Recorded data:
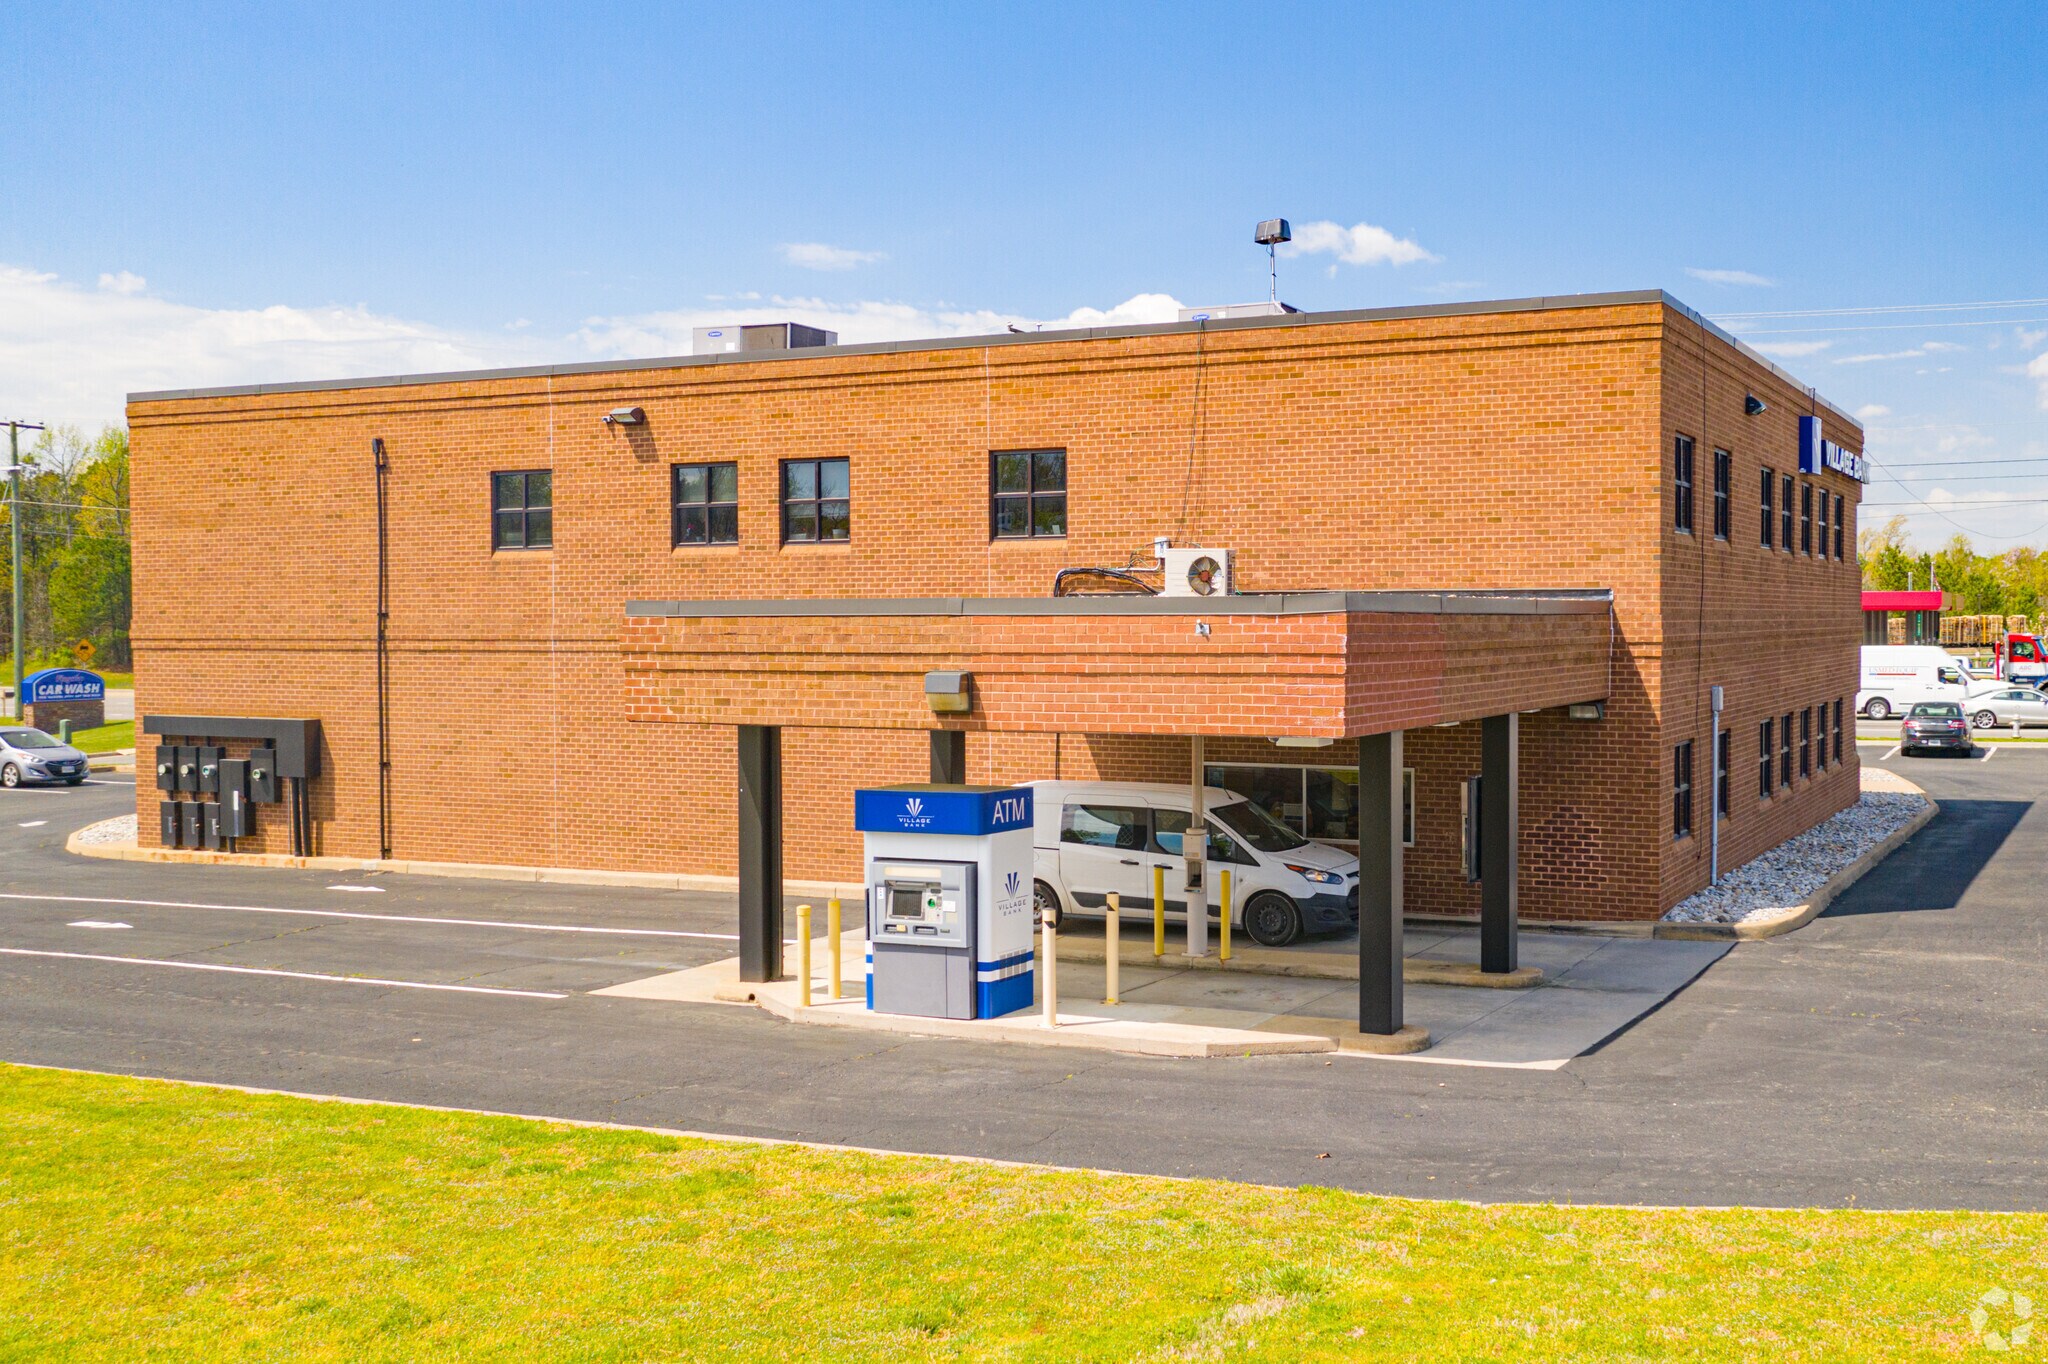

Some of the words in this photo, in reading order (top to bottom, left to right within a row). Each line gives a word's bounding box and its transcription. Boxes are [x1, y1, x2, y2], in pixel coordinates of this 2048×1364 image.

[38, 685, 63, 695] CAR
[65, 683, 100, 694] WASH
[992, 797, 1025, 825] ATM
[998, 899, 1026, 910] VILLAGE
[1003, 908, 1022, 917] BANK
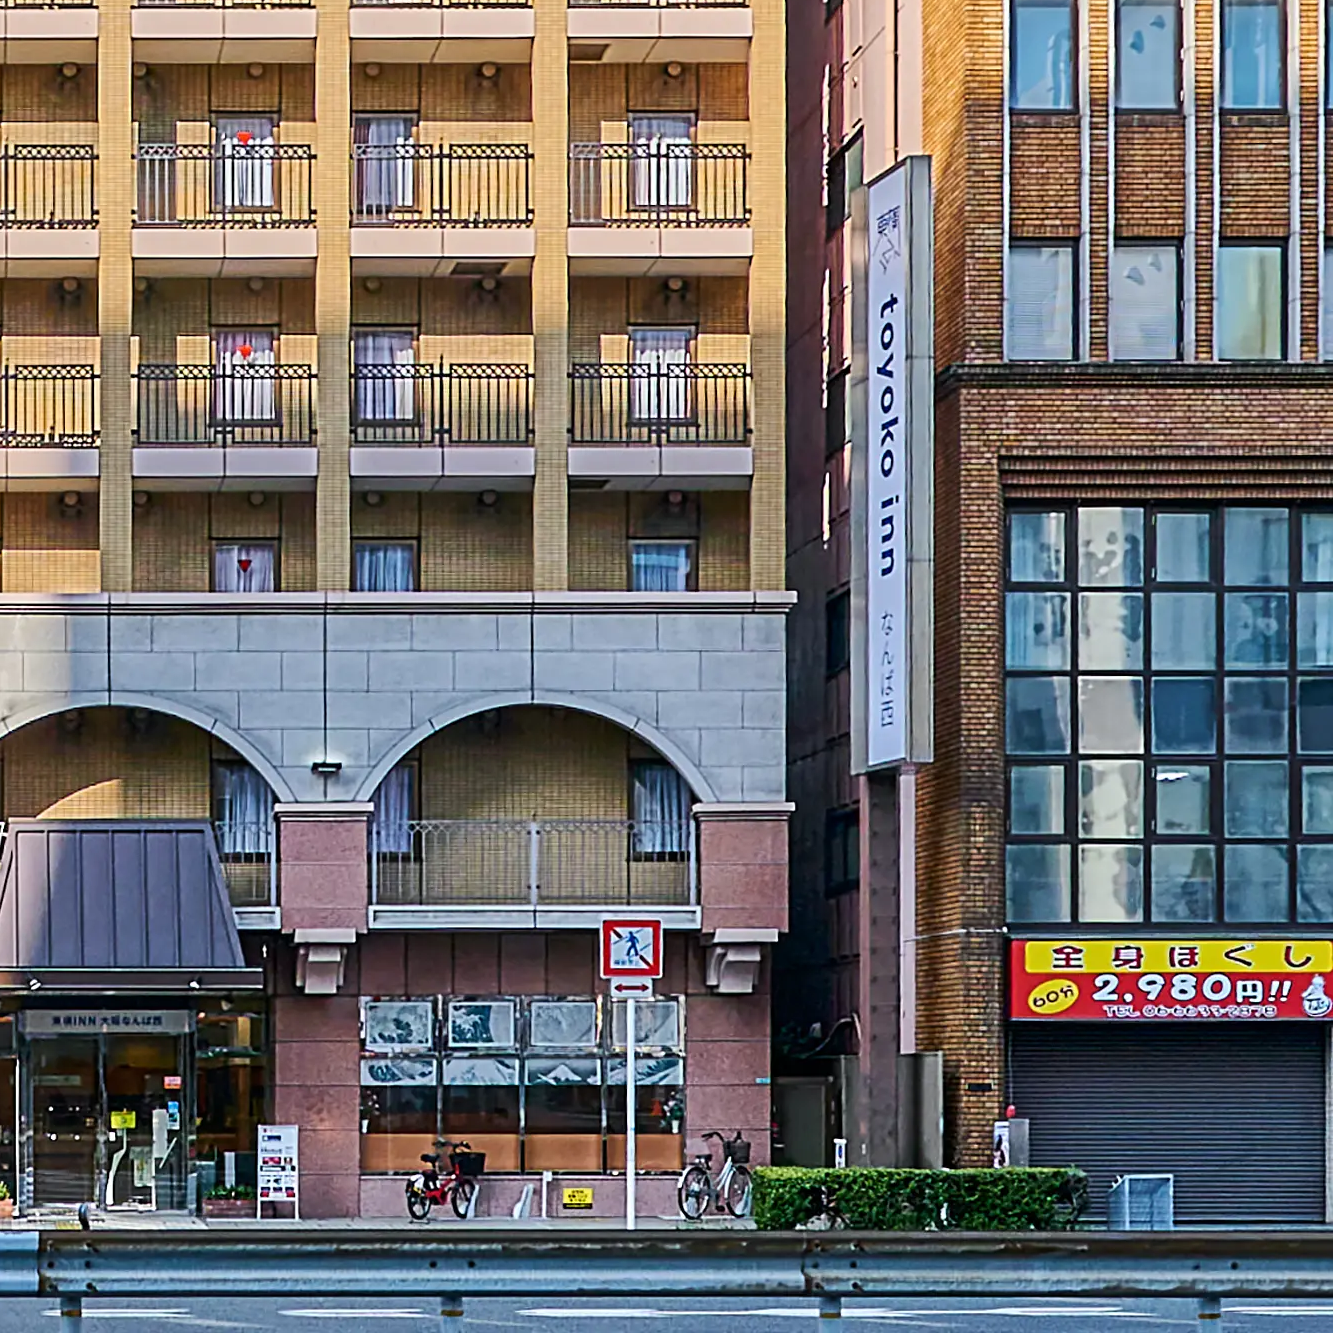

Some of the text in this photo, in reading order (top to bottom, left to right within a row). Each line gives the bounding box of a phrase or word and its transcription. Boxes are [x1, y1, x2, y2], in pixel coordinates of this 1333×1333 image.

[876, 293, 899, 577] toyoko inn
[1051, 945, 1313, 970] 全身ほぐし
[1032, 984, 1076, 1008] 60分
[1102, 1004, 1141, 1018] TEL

## Exercise directions
Could you output the full set of entries exactly, skipping every picture?

## Output of the exercise
Some of the words in this photo, in reading order (top to bottom, left to right within a row). Each line gives a word's bounding box and its transcription. Boxes are [x1, y1, x2, y2], in pixel coordinates of this 2048×1364 image.

[38, 685, 63, 695] CAR
[65, 683, 100, 694] WASH
[992, 797, 1025, 825] ATM
[998, 899, 1026, 910] VILLAGE
[1003, 908, 1022, 917] BANK

Some of the text in this photo, in reading order (top to bottom, left to right within a row). Each line gives the bounding box of a phrase or word and its transcription. Boxes are [x1, y1, x2, y2], in pixel coordinates of this 1333×1333 image.

[876, 293, 899, 577] toyoko inn
[1051, 945, 1313, 970] 全身ほぐし
[1032, 984, 1076, 1008] 60分
[1102, 1004, 1141, 1018] TEL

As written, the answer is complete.